L’Italia cresce nel solare

Il bel Paese, sempre baciato dal sole, potrebbe fare molto di più per quanto riguarda la produzione di energia pulita.   Nel 2022 infatti, l’Italia ha raggiunto il sesto posto della classifica europea, ma manca ancora tanto lavoro per realizzare il piano dell’Unione.

La crescita registrata durante l’anno scorso (+2,6 GW) è dovuta maggiormente al Superbonus 110%, quindi al solare su piccola scala.  Ma un ulteriore fattore che ha incrementato la scelta del fotovoltaico è stato il caro prezzi. Senz’altro la crisi ha permesso un’attenta riflessione da parte dei cittadini che hanno scelto consapevolmente il rinnovabile.

Nell’eolico invece, si riscontrano ancora delle difficoltà, non a caso nel 2022 sono stati installati appena 456 MG di potenza, raggiungendo gli 11,7 GW totali.

Previsioni

Secondo uno studio di Ember, l’Italia potrebbe migliorare nell’arco di pochi anni con delle scelte volte al rinnovabile.

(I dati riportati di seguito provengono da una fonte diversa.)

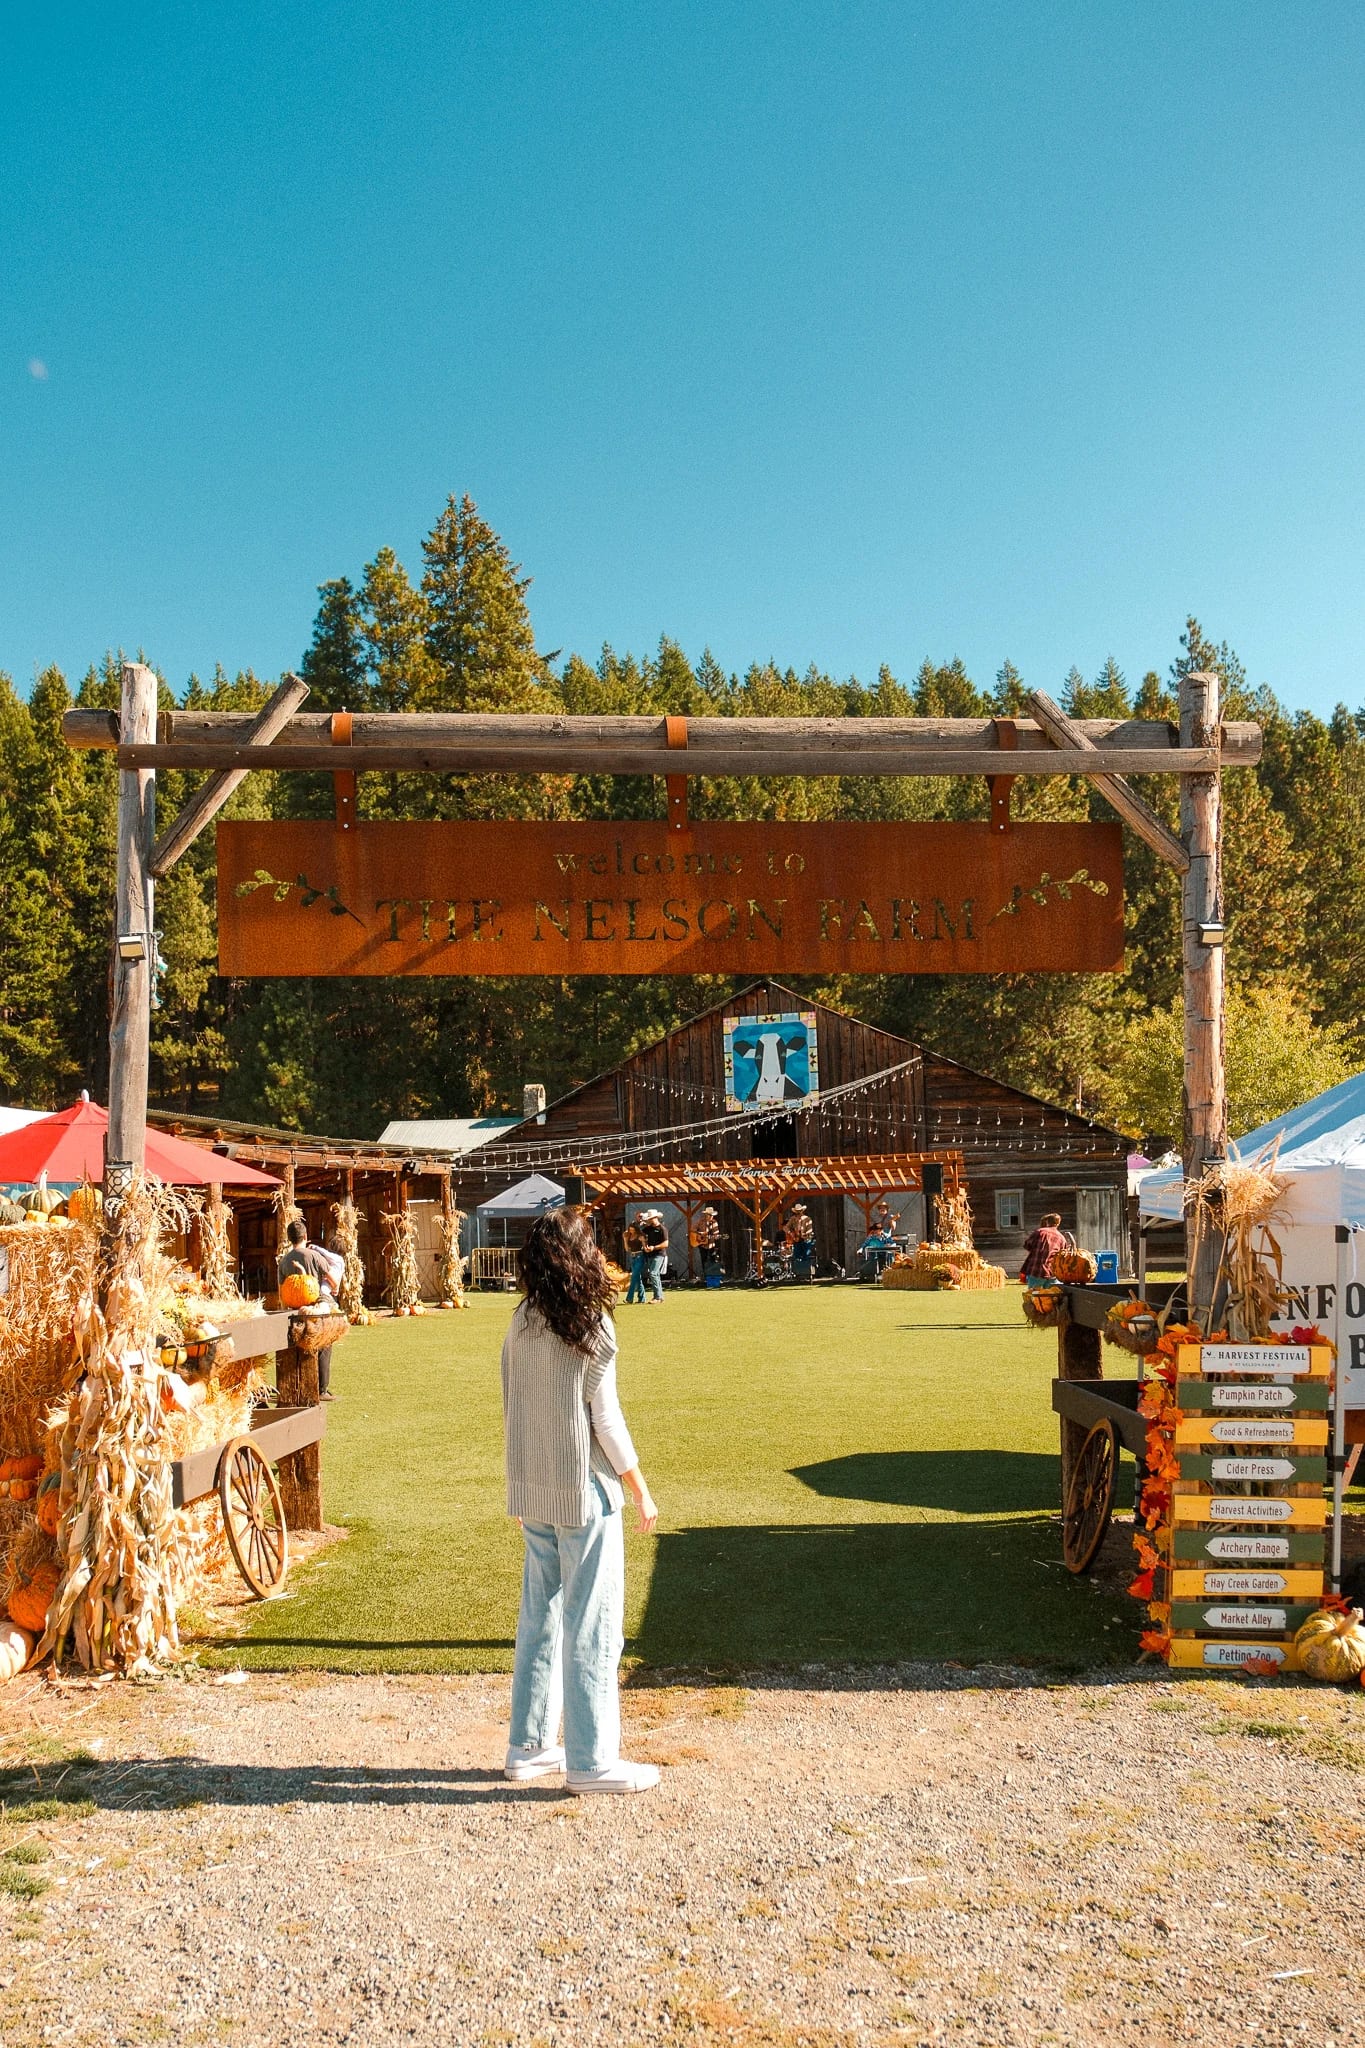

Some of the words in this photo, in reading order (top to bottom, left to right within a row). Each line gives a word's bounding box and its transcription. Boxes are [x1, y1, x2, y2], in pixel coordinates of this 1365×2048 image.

[553, 840, 743, 876] welcome
[767, 850, 807, 876] to
[374, 898, 504, 943] THE
[530, 898, 788, 943] NELSON
[816, 898, 979, 942] FARM
[738, 1165, 777, 1178] Harvest
[780, 1163, 823, 1176] Festival
[1218, 1351, 1261, 1360] HARVEST
[1263, 1352, 1307, 1361] FESTIVAL
[1219, 1389, 1256, 1403] Pumpkin
[1258, 1390, 1283, 1401] Patch
[1220, 1427, 1236, 1436] Food
[1237, 1428, 1242, 1436] &
[1244, 1427, 1289, 1437] Refreshments
[1226, 1463, 1249, 1475] Cider
[1251, 1464, 1274, 1475] Press
[1215, 1504, 1245, 1515] Harvest
[1246, 1506, 1283, 1516] Activities
[1220, 1542, 1253, 1556] Archery
[1255, 1542, 1281, 1556] Range
[1210, 1578, 1226, 1591] Hay
[1227, 1578, 1250, 1589] Creek
[1252, 1579, 1279, 1589] Garden
[1220, 1612, 1249, 1625] Market
[1251, 1613, 1273, 1628] Alley

Tra il 2023 e il 2026, il Paese potrebbe installare dai 16,4 GW ai 34 GW. Se questa previsione si verificasse, l’Italia potrebbe puntare ancora più in alto raggiungendo a tutti gli effetti i target del piano RePowerEu.

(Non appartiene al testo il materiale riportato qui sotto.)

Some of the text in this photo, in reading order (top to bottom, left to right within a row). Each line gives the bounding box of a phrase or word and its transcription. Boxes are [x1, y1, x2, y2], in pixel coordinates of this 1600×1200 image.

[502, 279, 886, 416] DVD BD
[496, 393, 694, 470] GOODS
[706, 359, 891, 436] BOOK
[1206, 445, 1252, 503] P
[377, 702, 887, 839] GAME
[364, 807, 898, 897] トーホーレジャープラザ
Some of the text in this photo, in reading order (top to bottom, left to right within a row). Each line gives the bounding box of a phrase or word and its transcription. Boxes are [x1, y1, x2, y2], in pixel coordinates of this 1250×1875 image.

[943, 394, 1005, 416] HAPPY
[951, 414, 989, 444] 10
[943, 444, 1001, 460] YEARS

La meta sono gli 85 GW entro il 2030, che garantirebbero un 84% di energia pulita per il mix dell’energia elettrica, attualmente del 36%.  Non c’è da dire che una transizione di tale portata avrebbe una grande risonanza in molteplici settori.

Elettricità Futura, ha analizzato proprio gli effetti di un cambiamento come quello descritto, in funzione dell’economia e dell’ambiente.  Ci potrebbero essere fino a 309 miliardi di investimenti e un beneficio che varrebbe il 2,2% del Pil. In più si ridurrebbero le emissioni di CO2 del 75% nel settore elettrico e sarebbero garantiti 470000 nuovi posti di lavoro.

La questione burocratica

Peccato che in questo bellissimo sogno, ci sia di mezzo la burocrazia che sveglia l’Italia.  Per colpa della burocrazia lenta e a volte troppo articolata, il Paese perde tante occasioni per progredire.

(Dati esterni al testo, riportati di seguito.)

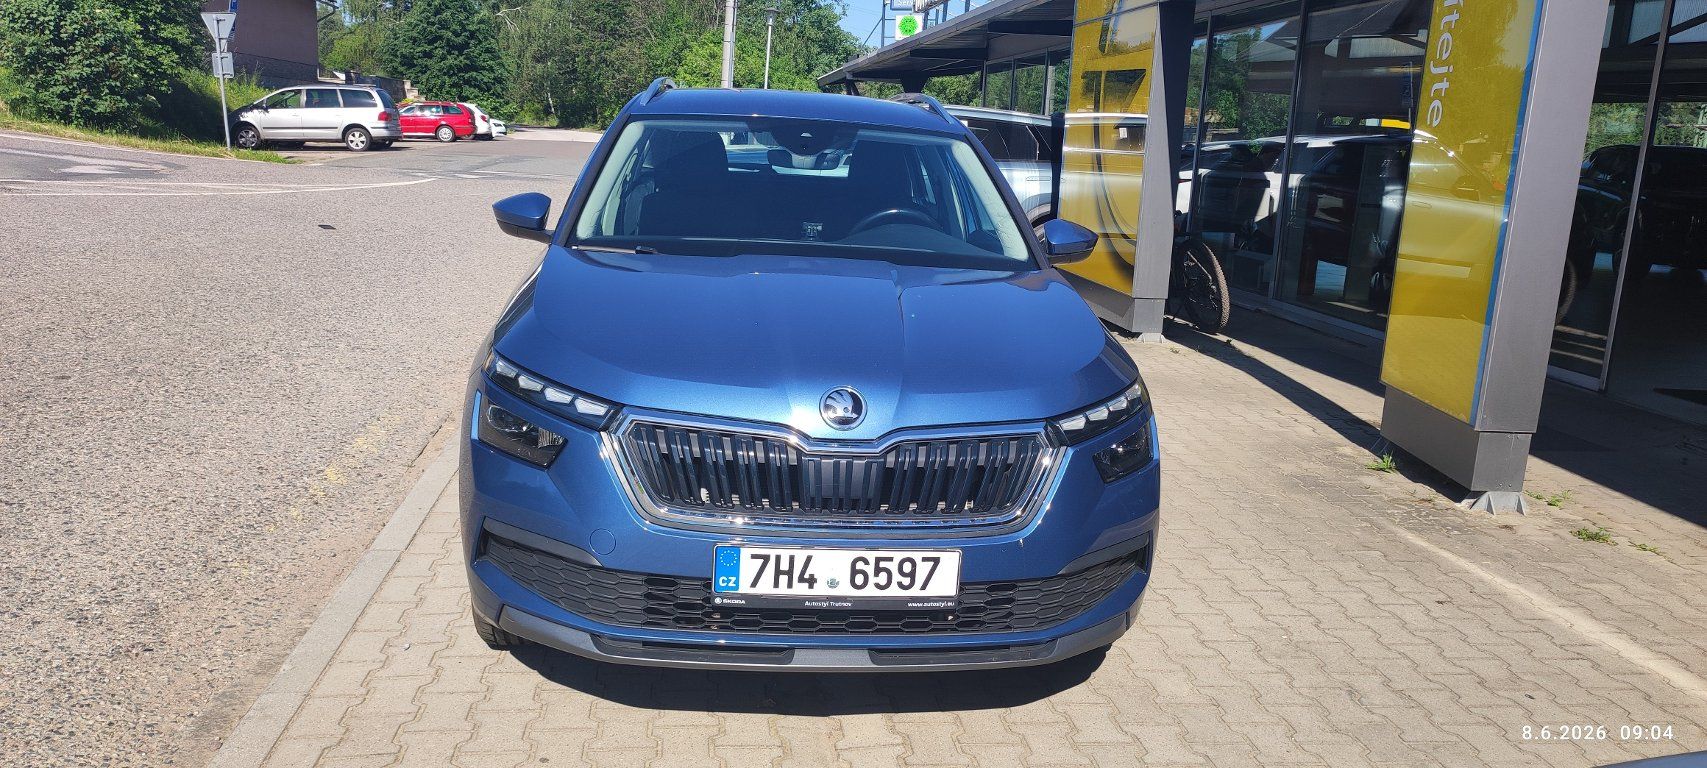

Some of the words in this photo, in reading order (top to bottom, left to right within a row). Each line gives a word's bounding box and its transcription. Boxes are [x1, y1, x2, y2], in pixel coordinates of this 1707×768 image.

[719, 576, 736, 587] CZ
[750, 553, 817, 589] 7H4
[850, 556, 941, 591] 6597
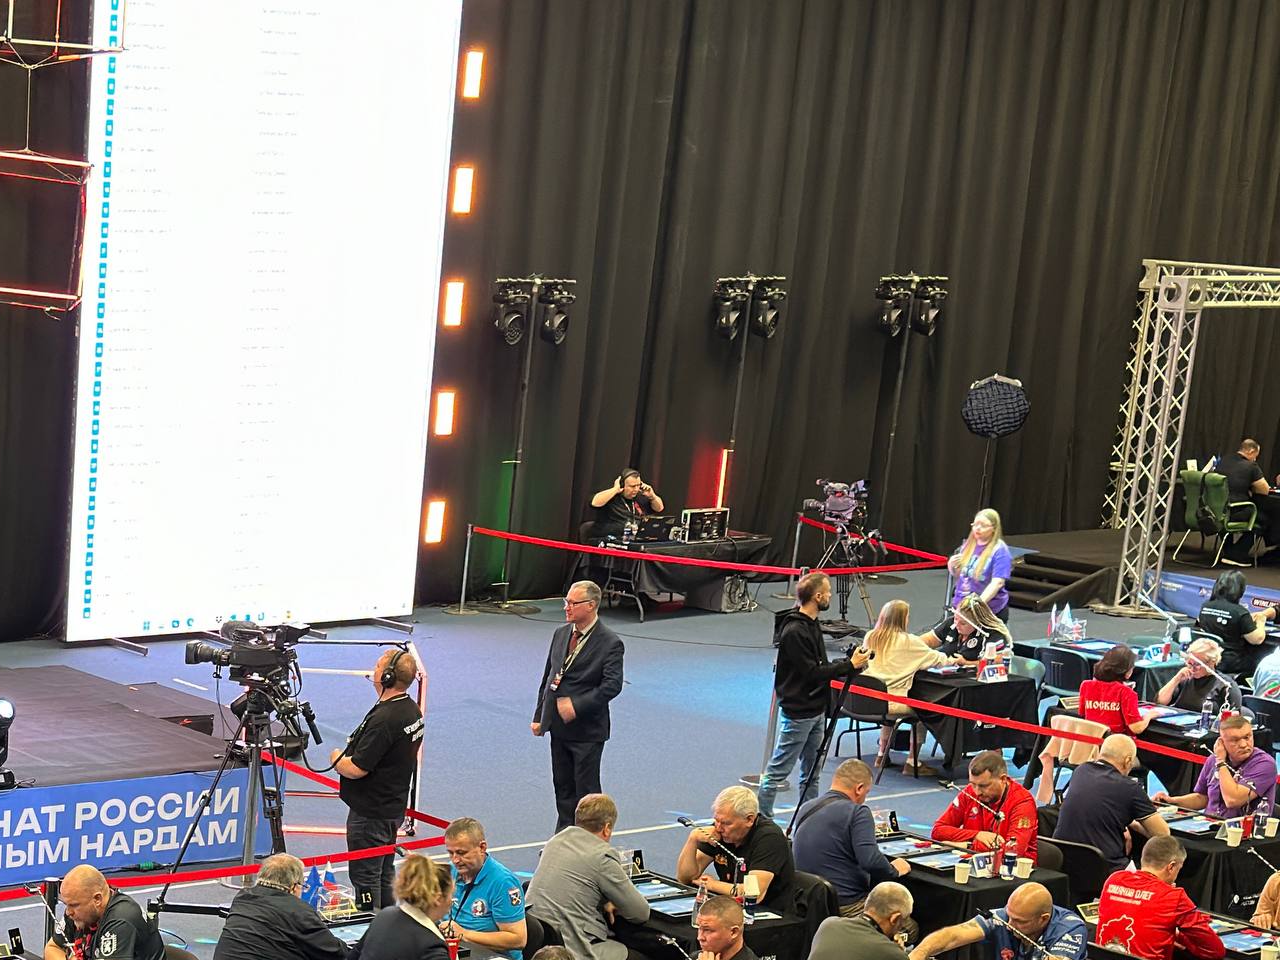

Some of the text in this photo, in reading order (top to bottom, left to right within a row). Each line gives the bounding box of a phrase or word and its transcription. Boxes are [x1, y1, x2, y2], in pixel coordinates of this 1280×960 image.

Si parla di una vera e propria barriera culturale contro le rinnovabili. Purtoppo in molti credono ai falsi miti che non permettono un pieno sviluppo delle tecnologie: uno tra tanti il fotovoltaico che toglie suolo all’agricoltura.  Un falso mito più volte smentito, vista la crescente tecnica dell’agrivoltaico che prevede un’azione congiunta tra l’agricoltura e il solare.


Il colpo basso

Seppur ci siano delle ottime premesse per una buona crescita, il governo italiano ha deciso di guardare altrove.

L’Italia ha stretto da poco accordi con Algeria e Libia, garantendo un investimento italiano da 8 miliardi per estrazione e produzione di gas. Tale patto garantisce 8,7 miliardi di metri cubi di gas all’anno per i prossimi 25 anni. Inoltre, si parla anche della costruzione di un impianto di cattura e stoccaggio dell’anidride carbonica.

Questo succede, perchè si pensa ancora che il gas sia l’unica fonte di energia che possa soddisfare in tempi brevi il fabbisogno energetico del Paese.  Peccato che dalle statistiche, il gas è una risorsa in perdita poiché è insostenibile sia a livello ambientale che economico.

Nonostante problemi burocratici e scelte poco comprensibili del governo, l’Italia continua a migliorare passo dopo passo. La speranza è quella di una transizione vera e propria, anche se non in tempi record.